As HuffPost's Ryan Grim reported, Obama has been much more involved with the credit card bill than he was with the anti-foreclosure legislation. But, given the impassioned case he made at Notre Dame and his call to "align our deepest values and commitments to the demands of a new age," he should take it one step further and throw his weight behind Sanders' effort to limit usurious interest rates.

Just because it didn't pass doesn't mean it's dead. History is filled with causes that took many battles before they were victorious (women's suffrage, the Voting Rights Act, the Clean Air Act, the American with Disabilities Act, etc., etc., etc.).

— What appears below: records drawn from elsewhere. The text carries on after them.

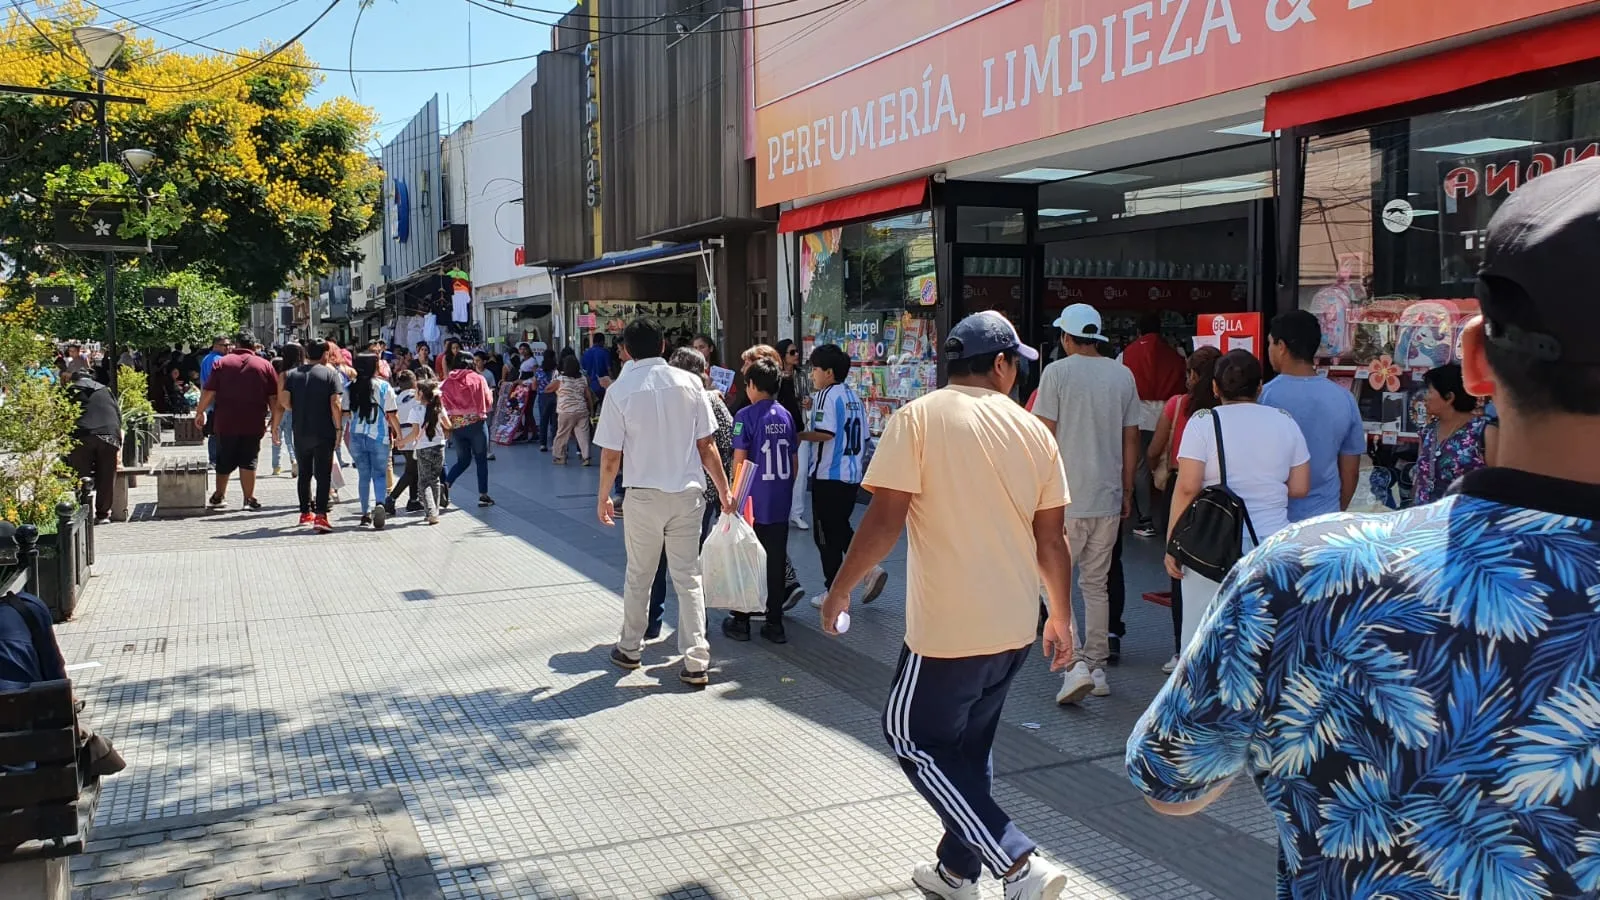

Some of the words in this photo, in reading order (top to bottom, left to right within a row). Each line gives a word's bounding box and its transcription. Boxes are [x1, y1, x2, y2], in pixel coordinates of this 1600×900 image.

[768, 64, 966, 180] PERFUMERÍA,
[982, 0, 1241, 117] LIMPIEZA
[585, 43, 600, 207] cintas
[844, 318, 868, 339] Llegó
[870, 318, 879, 334] el
[1212, 317, 1243, 333] BELLA
[765, 423, 787, 434] MESSI
[844, 417, 861, 456] 10
[761, 438, 791, 480] 10
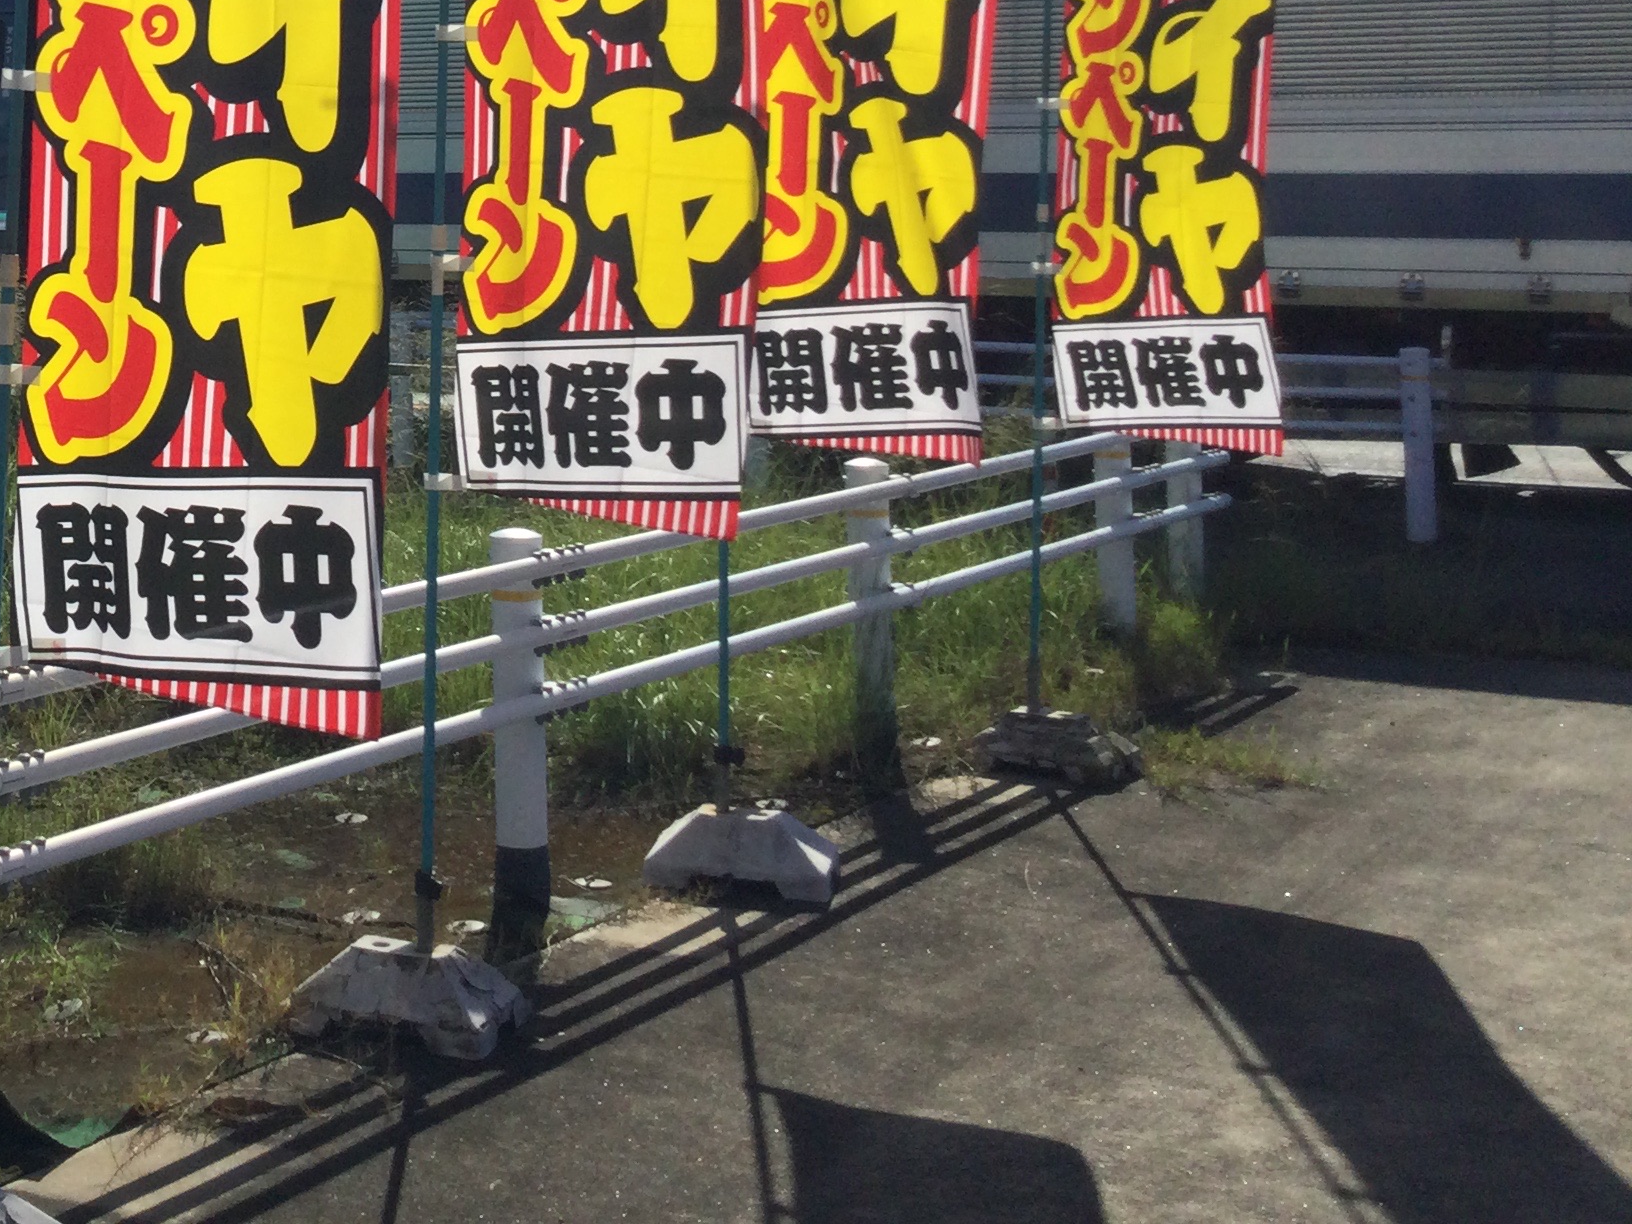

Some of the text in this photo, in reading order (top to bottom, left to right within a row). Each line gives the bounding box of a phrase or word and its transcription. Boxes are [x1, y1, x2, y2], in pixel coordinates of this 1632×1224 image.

[473, 359, 727, 471] 開催中
[755, 320, 967, 413] 開催中
[1068, 334, 1264, 410] 開催中
[33, 502, 359, 652] 開催中
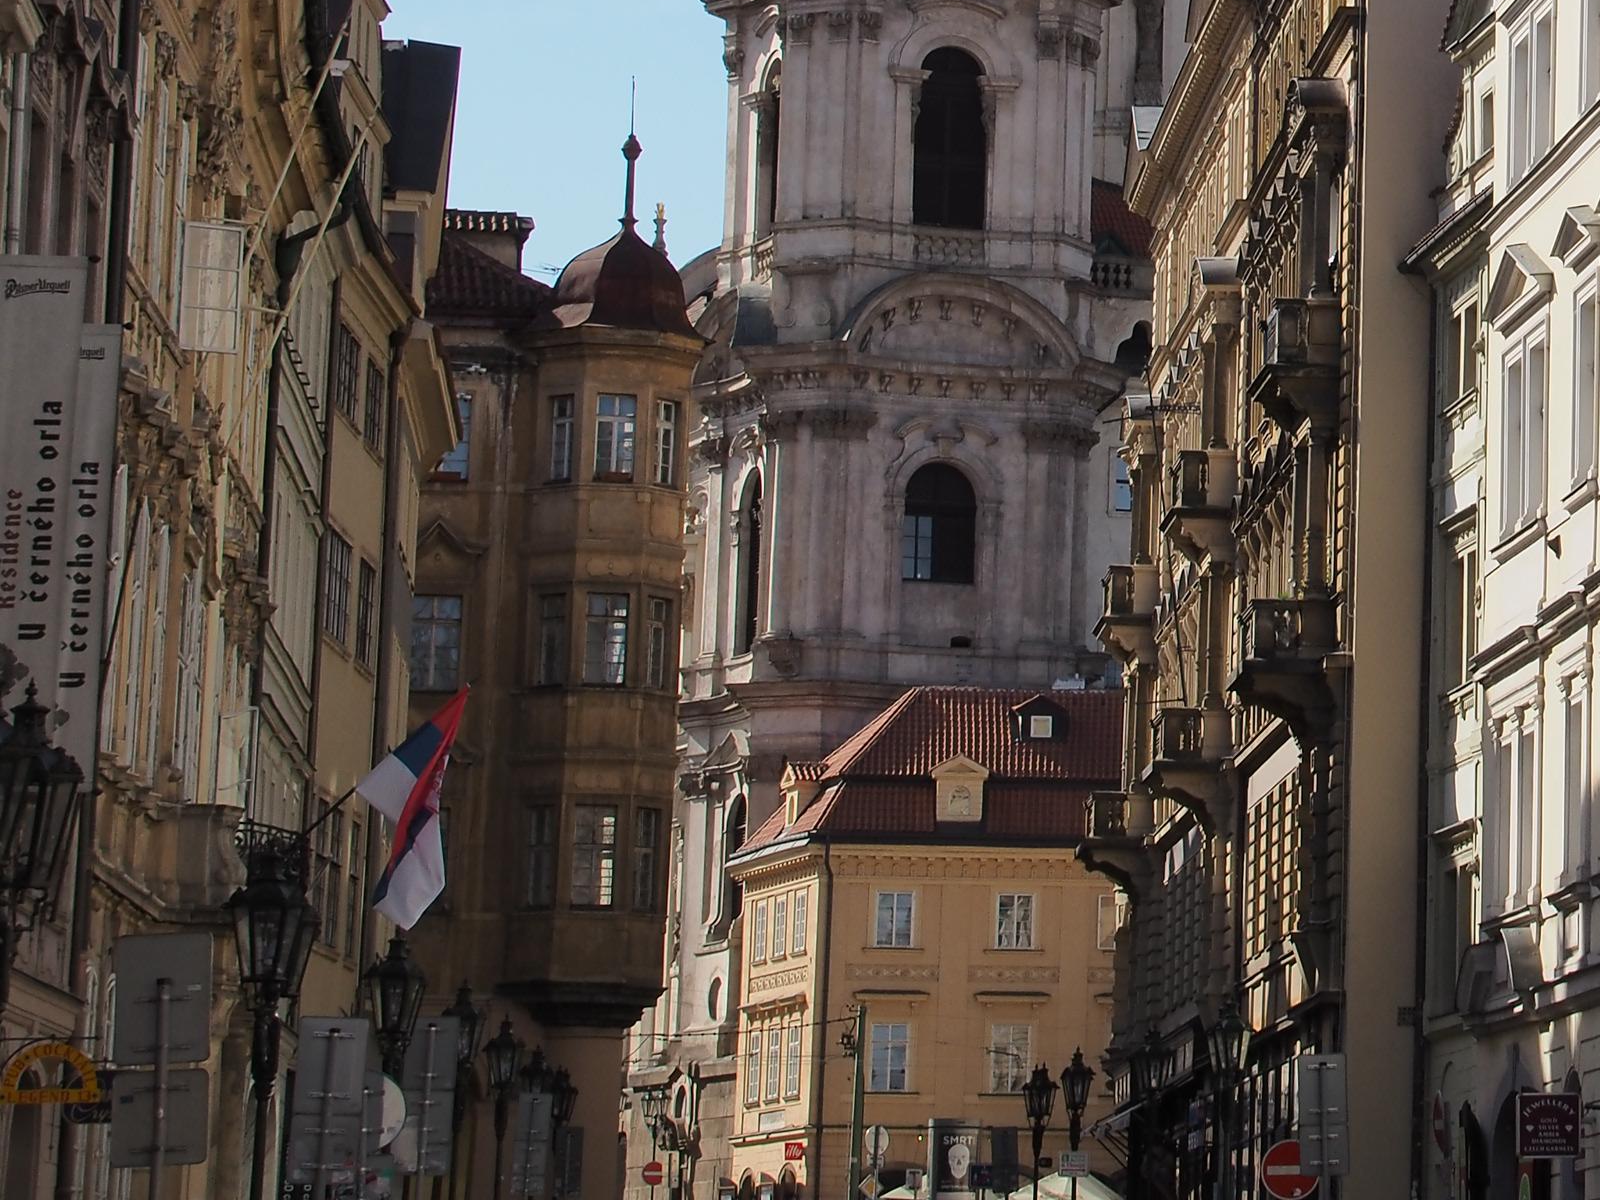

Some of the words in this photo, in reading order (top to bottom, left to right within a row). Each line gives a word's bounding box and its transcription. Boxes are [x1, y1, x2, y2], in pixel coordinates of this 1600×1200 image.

[33, 400, 62, 460] orla
[72, 461, 99, 519] orla
[20, 476, 56, 602] černého
[60, 532, 94, 652] černého
[1523, 1099, 1576, 1117] JEWELLERY
[785, 1144, 802, 1158] illy
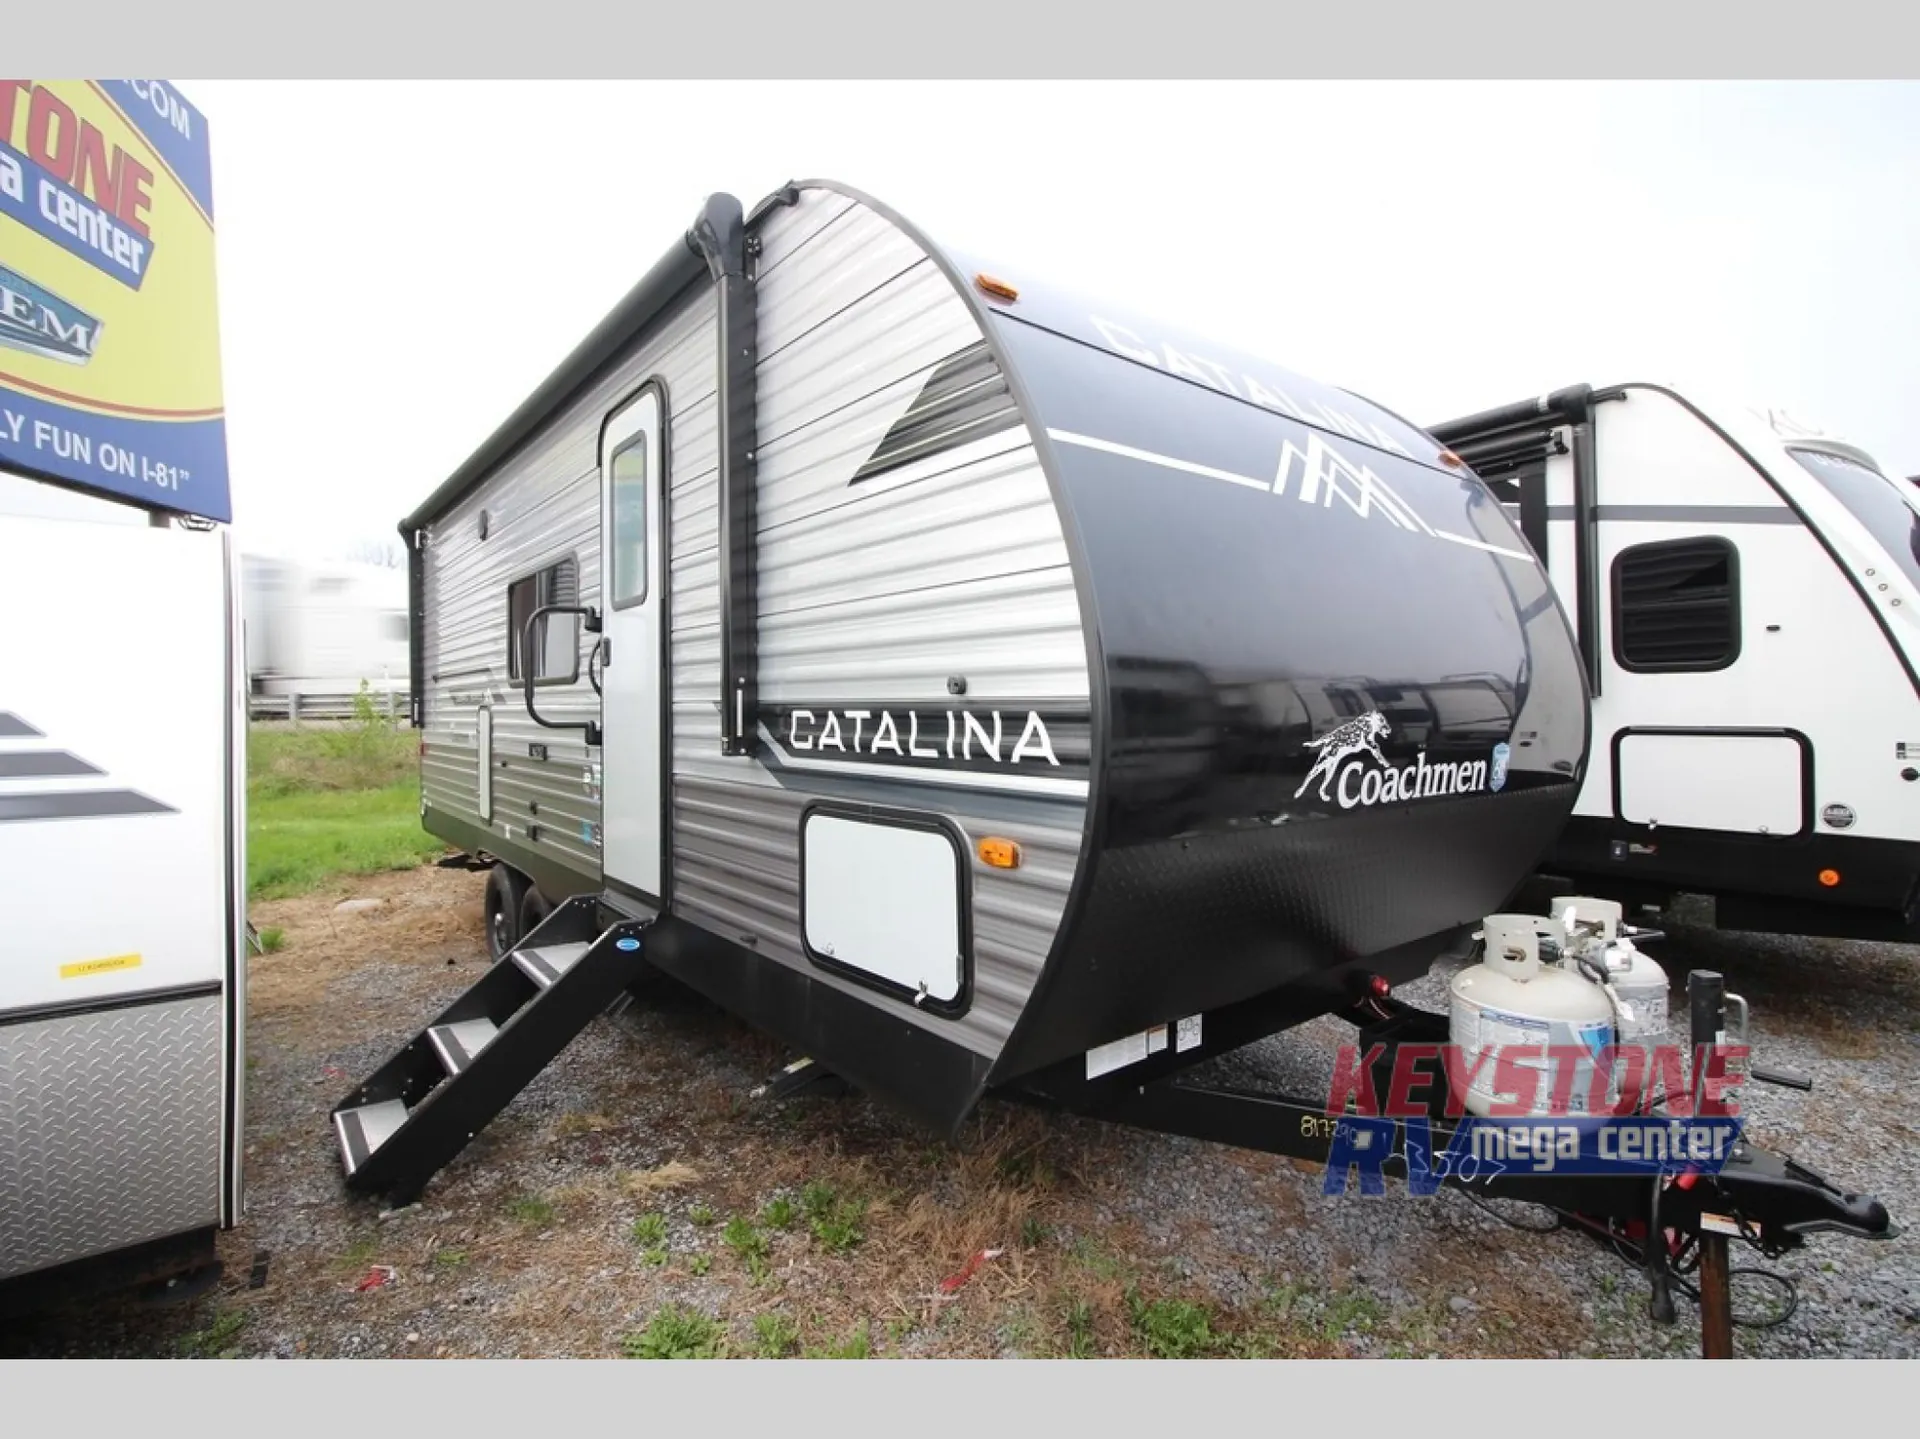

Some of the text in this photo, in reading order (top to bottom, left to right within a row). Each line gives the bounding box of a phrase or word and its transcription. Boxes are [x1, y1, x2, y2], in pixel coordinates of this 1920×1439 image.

[39, 178, 144, 276] center
[1090, 314, 1413, 457] CATALINA
[34, 419, 92, 466] FUN
[100, 444, 136, 479] ON
[790, 709, 1060, 766] CATALINA
[1337, 751, 1487, 809] Coachmen

Our deepest values and commitments are certainly being put to the test. Questions we thought had been settled for hundreds of years are suddenly back on the table. Are we a country that tortures or not? Are we a country that financially tricks and traps millions of vulnerable working families, binding them to the whims of bankers who have lost all sight of fairness?

Appearing on Real Time with Bill Maher, Elizabeth Warren put the question this way:

"This is really about whether we have a government that just recedes and says, in effect, 'Hey, the strong can take from everybody, they can write these [rules] however they want...we can have a totally broken market that makes a few people very rich and robs the rest of them. Or you can write a set of rules that says, 'You know, it's just gotta be kind of level out there.' ...Everything we have, your shoes, your clothes, the water you drink, the air you breathe, we have basic safety rules in the United States... But we don't have them for consumer credit products."

Heading into Epoch B, and seeing the devastation all around us here at the tail end Epoch A, can anyone -- other than the banking lobby, that is - argue that we shouldn't?

The moment to act is now. Inflection points in history don't come along very often.

UPDATE: The Senate overwhelming approved legislation reining in some of the most egregious practices of credit card companies. But the reforms, which don't include a cap on the interest rates banks can charge, won't go into effect for another nine months -- which is too long for struggling Americans to have to wait. Nevertheless, the House is expected to endorse the Senate measure as is and President Obama could sign it by the end of the week.